Bonjour et merci @PascalHambourg de te pencher de nouveau sur l’un de mes problèmes.

Alors pour essayer de répondre le plus explicitement à tes questions :

Quel même problème -> en effet le même problème reste les erreurs affichées au démarrage (sur la pièce jointe dans le 1er post).

L’erreur que m’indiquait update-initramfs (avant que je ne remets d’origine le fichier cryptroot) était que mon fichier cryptroot contenant une erreur de synthaxe à la ligne 360.

Sinon je viens d’utiliser la commande cryptsetup via le shell initramfs pas de soucis mais par contre quand j’essaye de monter la VL ROOT dans /tmp (par exemple) via la commande #mount /dev/mapper/VL_ROOT /tmp/, il m’indique no such file or directory alors que le dossier tmp existe bien.
Si je trouve deux minutes dans ma journée, j’essayerai de passer par le live-cd.

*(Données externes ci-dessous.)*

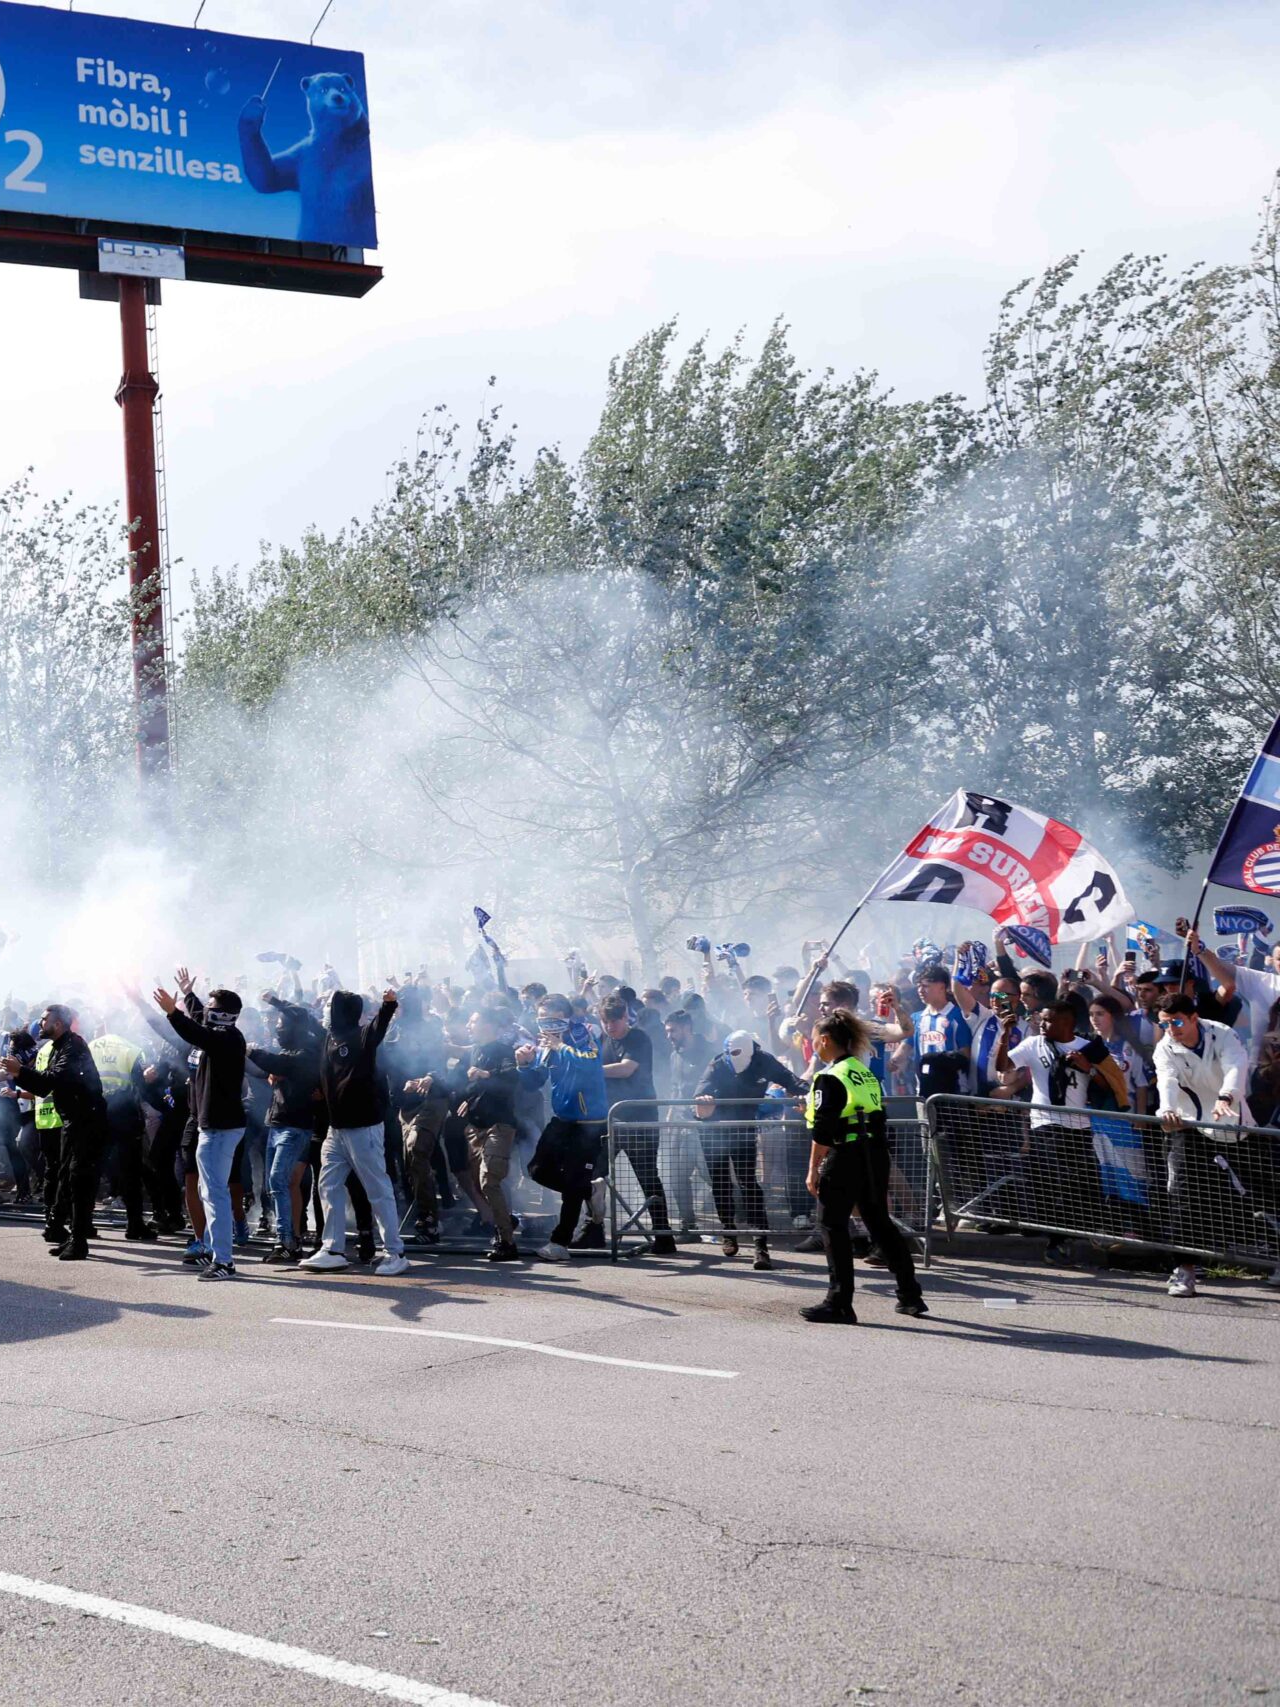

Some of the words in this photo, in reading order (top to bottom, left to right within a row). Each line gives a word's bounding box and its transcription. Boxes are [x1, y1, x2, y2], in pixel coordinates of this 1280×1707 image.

[76, 57, 171, 102] Fibra,
[79, 99, 172, 135] mòbil
[178, 110, 188, 137] i
[79, 142, 243, 184] senzillesa
[1245, 847, 1266, 868] CLUB

Encore merci de ton aide et j’espère avoir répondu à tes questions.

gudbes

Je ne suis pas sûr de comprendre. Il y a deux types de scripts liés à l’initramfs, qui sont stockés dans des répertoires distincts (que je n’ai pas sous la main) :

• ceux qui sont exécutés lors de la création de l’initramfs par l’exécution de update-initramfs
• ceux qui sont inclus dans l’initramfs et exécutés lors du déroulement de ce dernier au démarrage.

Lequel as-tu modifié ?

Note : /tmp n’a pas vocation à servir de point de montage temporaire, c’est plutôt le rôle de /mnt. Le point de montage de la racine dans l’initramfs est /root.

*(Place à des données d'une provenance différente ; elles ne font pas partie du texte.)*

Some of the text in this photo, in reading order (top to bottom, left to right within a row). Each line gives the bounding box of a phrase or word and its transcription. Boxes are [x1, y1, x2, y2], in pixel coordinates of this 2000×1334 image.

Vérifie le nom du fichier de périphérique que tu spécifies : la forme générale est /dev/mapper/VG-LV ou /dev/VG/LV donc dans ton cas /dev/mapper/VG_SSD-VL_ROOT ou /dev/VG_SSD/VL_ROOT. S’il n’est pas présent, il faut activer les LV avec vgchange -ay.

Pour répondre à tes questions :

• Je ne sais pas lequel que j’ai modifié (je ne m’y connais pas assez :s ), la seule chose que je suis sur c’est que le chemin est (une fois ma partition sur /mnt) : /usr/share/initramfs-tools/scripts/local-top/cryptroot

Mon soucis vient peut être de là ce n’est peut être pas le bon.

• Pour le montage sous /tmp, j’avais créer le dossier “mnt” car il n’existait pas et cela n’avait rien changé et vu que j’avais redémarré mon P.C. (par feignantise) j’ai utilisé le dossier tmp

• Je viens de trouver mon VG grâce à la commande “vgchange -ay”.

Je vais donc continuer la montage de tout cela et refaire le tests en espérant que le fichier cryptroot est le bon.

gudbes

[edit]

J’essaye ma commande “mount /dev/mapper/VG_SSD-LV_ROOT /mnt/” mais toujours la même erreur : mount : mouting dev/mapper/VG_SSD-LV_ROOT on /mnt/ failed : No such file or directory.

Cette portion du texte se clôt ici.